= Assignment =
Once the pictures are set aside, repeat all of the data below exactly.

Free-text object descriptions:

§ §

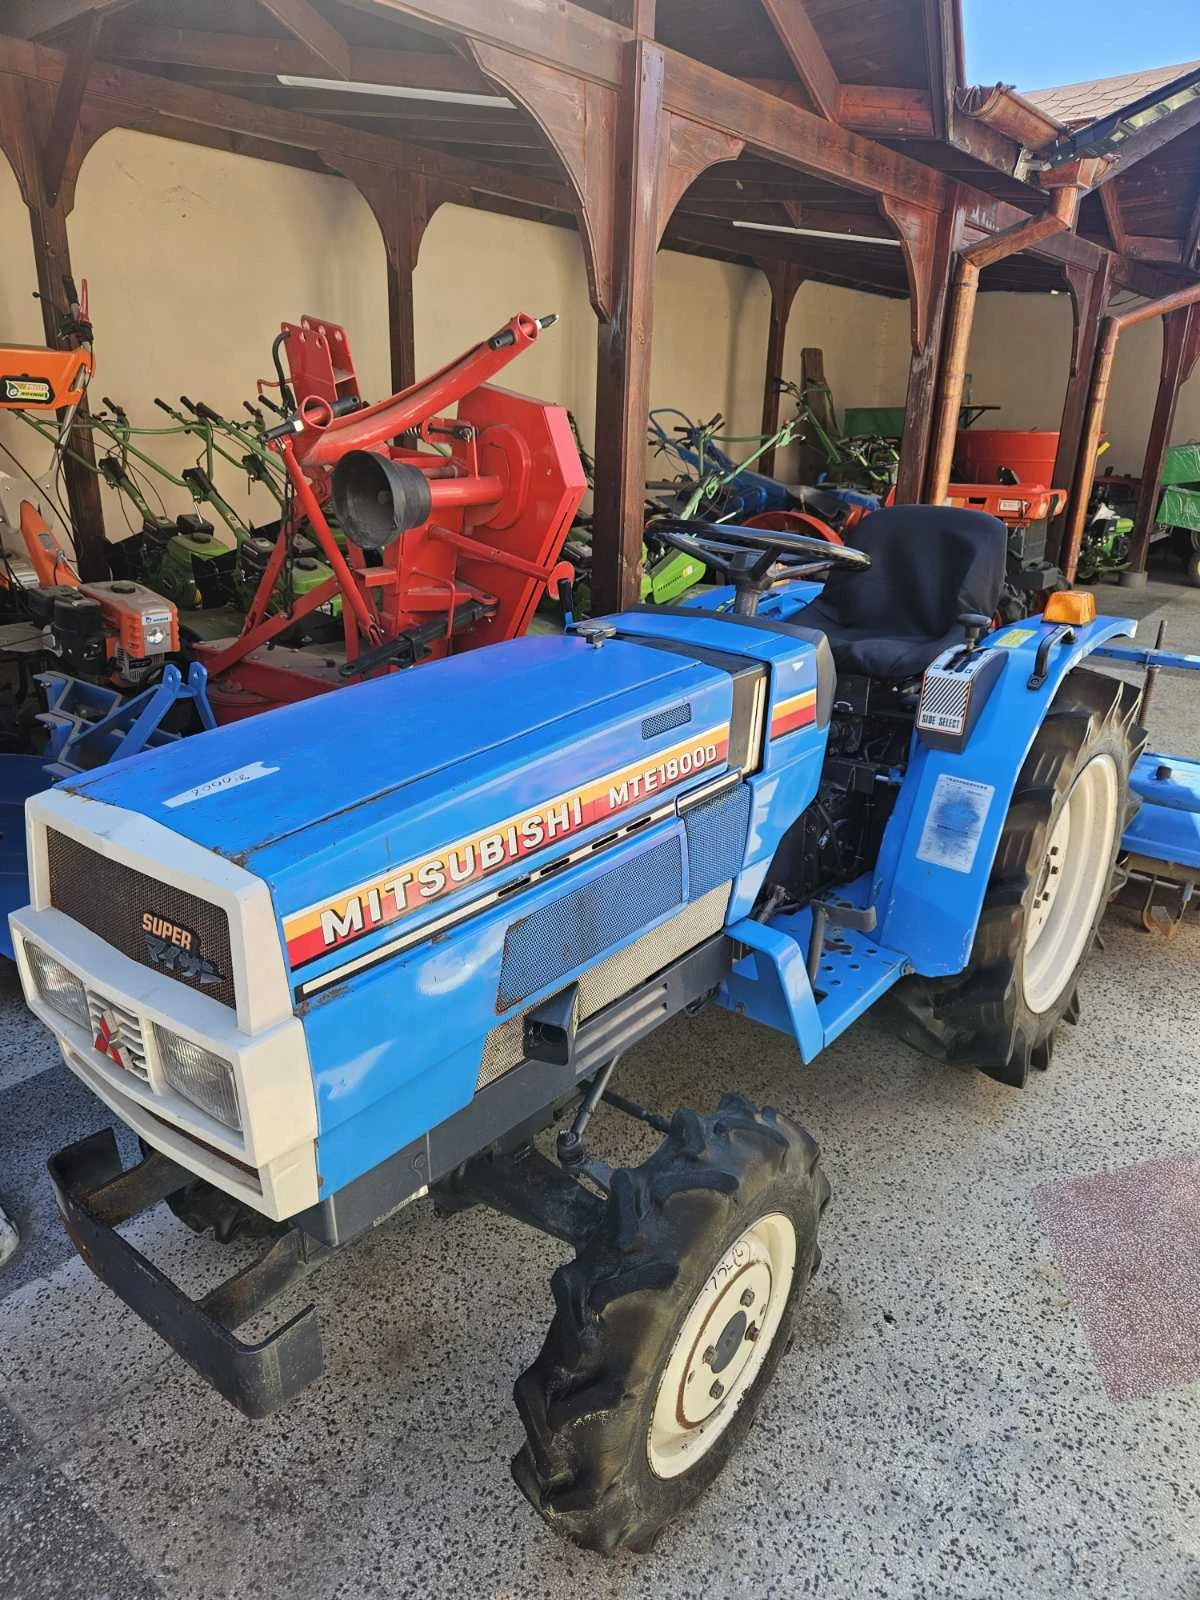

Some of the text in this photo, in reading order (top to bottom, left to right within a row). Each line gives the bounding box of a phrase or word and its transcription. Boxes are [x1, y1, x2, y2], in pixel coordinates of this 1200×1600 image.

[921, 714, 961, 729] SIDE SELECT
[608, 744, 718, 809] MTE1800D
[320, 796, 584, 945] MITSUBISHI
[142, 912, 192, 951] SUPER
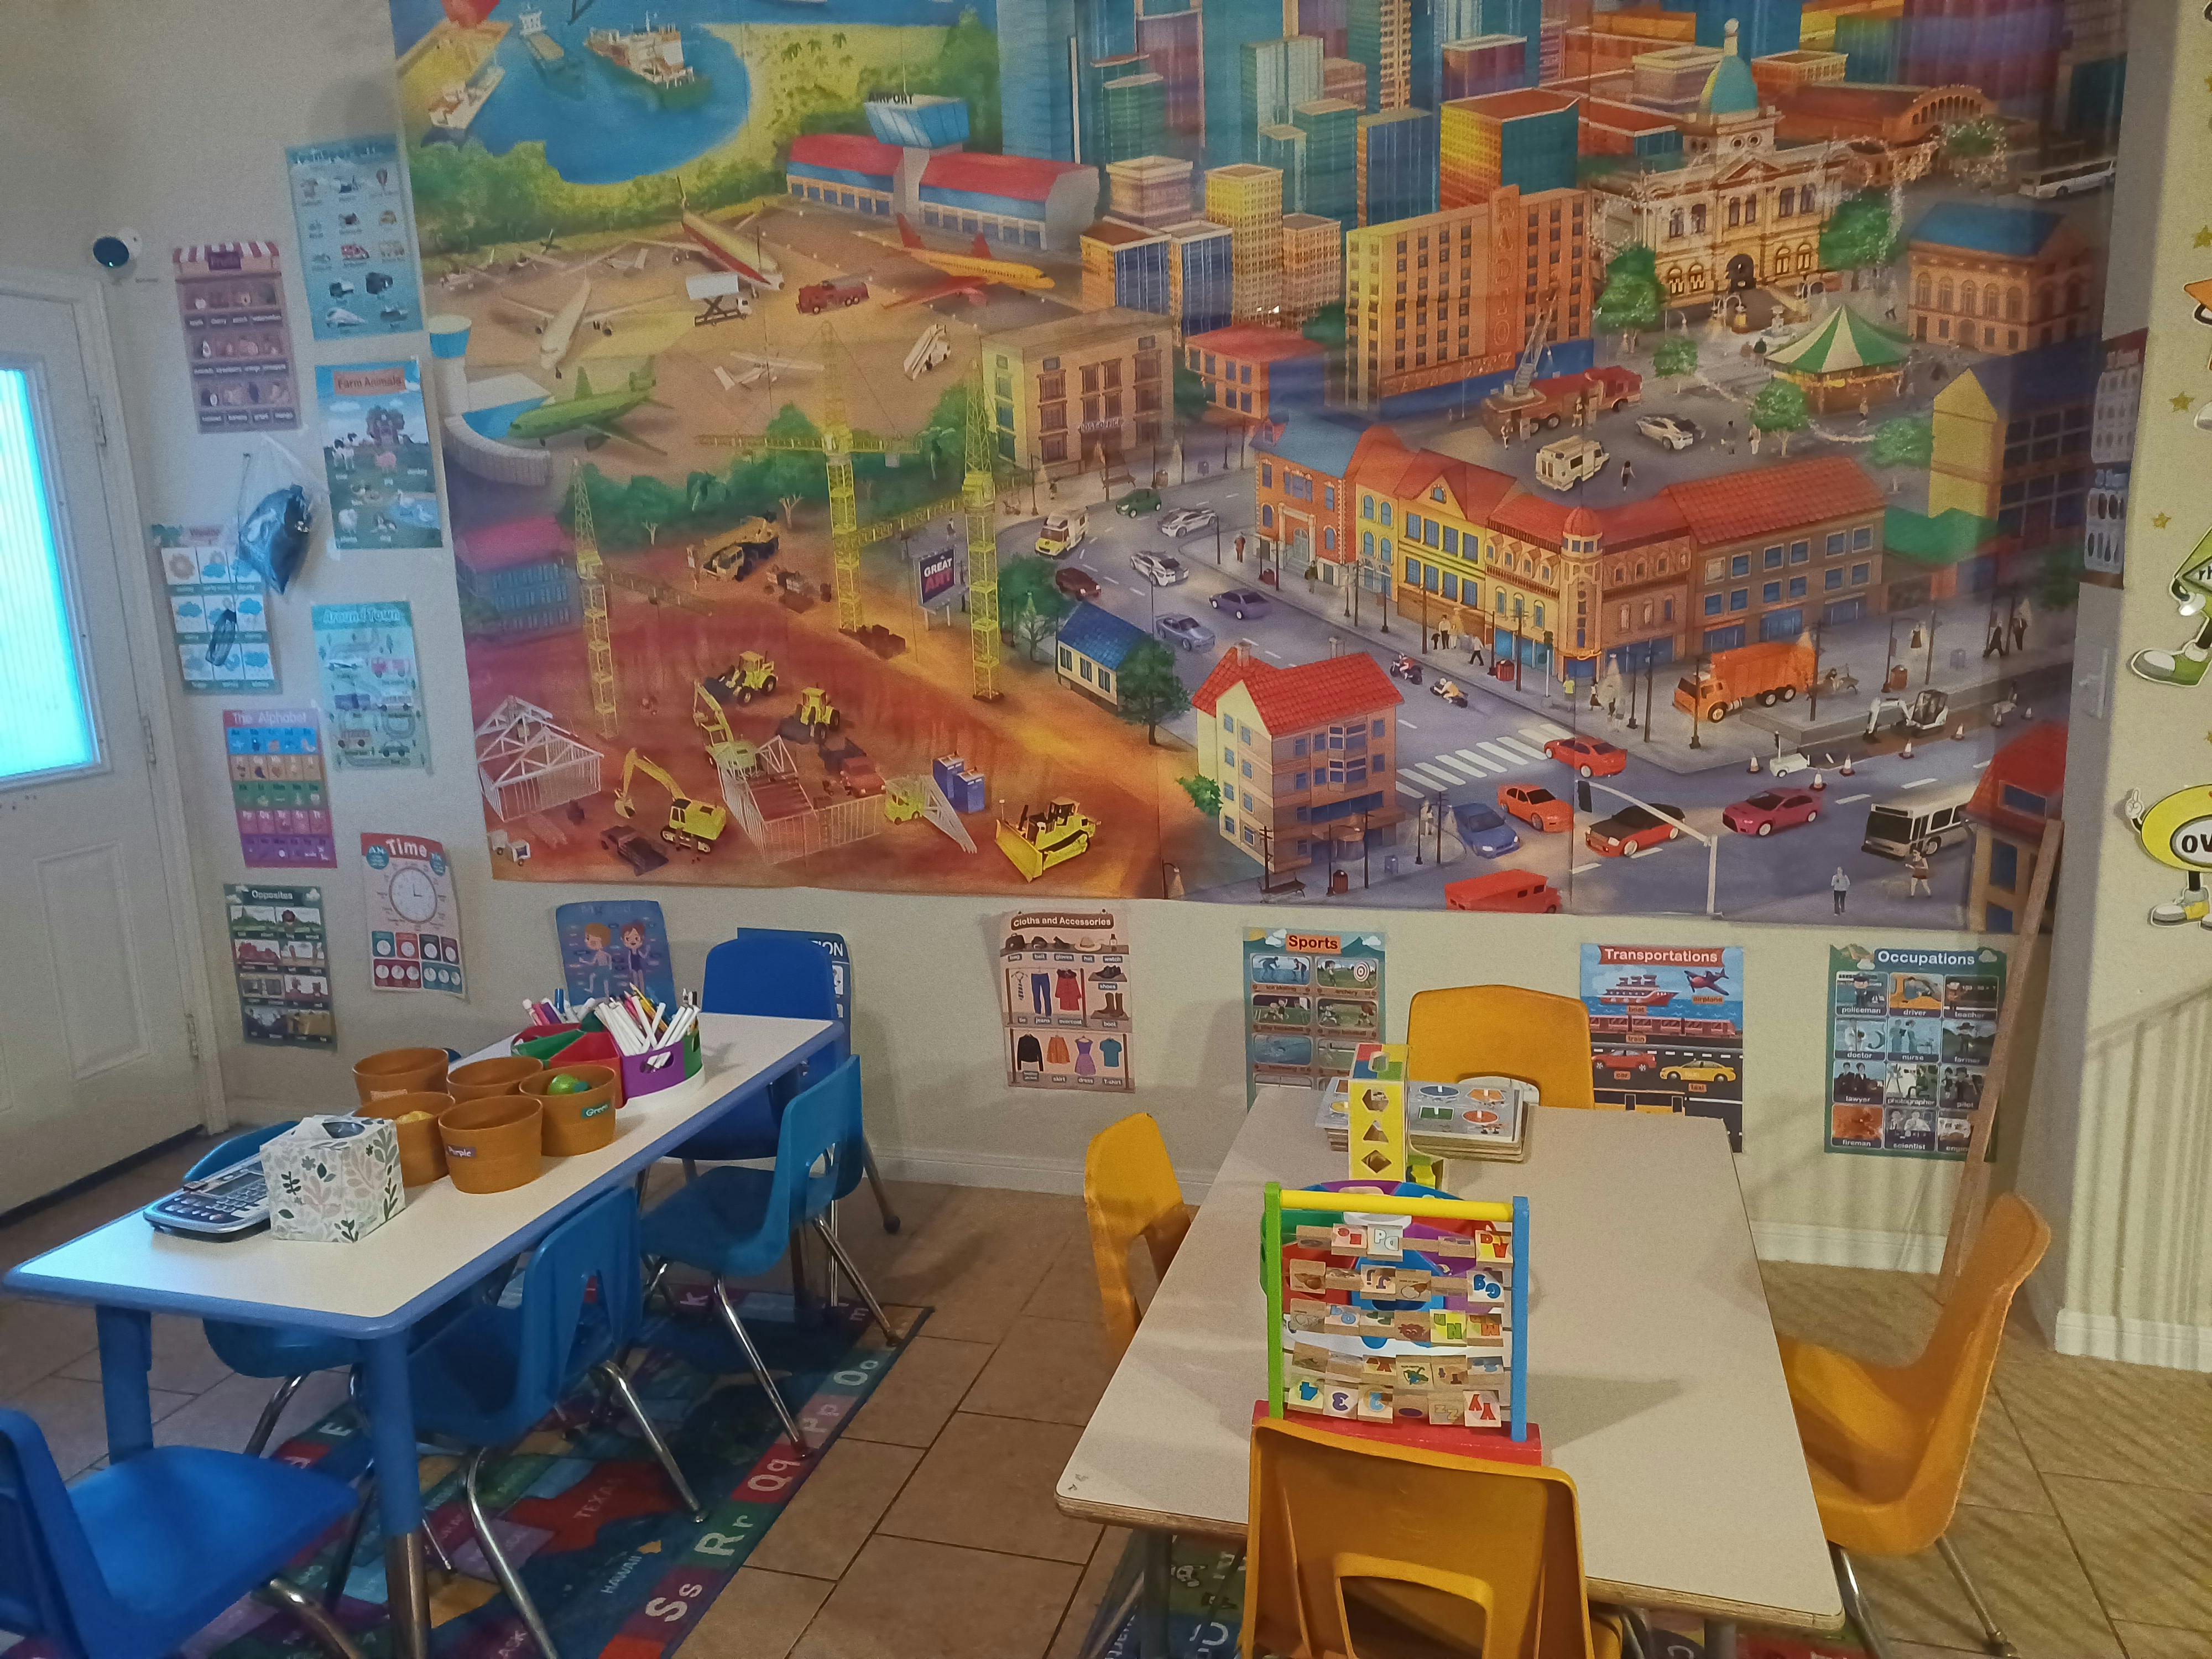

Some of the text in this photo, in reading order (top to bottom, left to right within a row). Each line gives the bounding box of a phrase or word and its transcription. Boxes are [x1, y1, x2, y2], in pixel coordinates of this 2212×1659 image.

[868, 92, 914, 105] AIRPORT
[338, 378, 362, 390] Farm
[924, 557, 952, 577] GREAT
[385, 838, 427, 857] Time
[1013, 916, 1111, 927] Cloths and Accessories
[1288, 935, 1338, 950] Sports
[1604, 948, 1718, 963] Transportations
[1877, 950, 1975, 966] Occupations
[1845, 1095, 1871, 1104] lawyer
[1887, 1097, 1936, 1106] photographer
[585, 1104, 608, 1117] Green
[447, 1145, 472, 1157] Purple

§ §

= Answer to this problem =
Some of the text in this photo, in reading order (top to bottom, left to right within a row). Each line gives the bounding box of a phrase or word and its transcription. Boxes are [x1, y1, x2, y2], in pixel coordinates of this 1200×1600 image.

[921, 714, 961, 729] SIDE SELECT
[608, 744, 718, 809] MTE1800D
[320, 796, 584, 945] MITSUBISHI
[142, 912, 192, 951] SUPER

Some of the text in this photo, in reading order (top to bottom, left to right within a row). Each line gives the bounding box of a phrase or word and its transcription. Boxes are [x1, y1, x2, y2], in pixel coordinates of this 2212×1659 image.

[868, 92, 914, 105] AIRPORT
[338, 378, 362, 390] Farm
[924, 557, 952, 577] GREAT
[385, 838, 427, 857] Time
[1013, 916, 1111, 927] Cloths and Accessories
[1288, 935, 1338, 950] Sports
[1604, 948, 1718, 963] Transportations
[1877, 950, 1975, 966] Occupations
[1845, 1095, 1871, 1104] lawyer
[1887, 1097, 1936, 1106] photographer
[585, 1104, 608, 1117] Green
[447, 1145, 472, 1157] Purple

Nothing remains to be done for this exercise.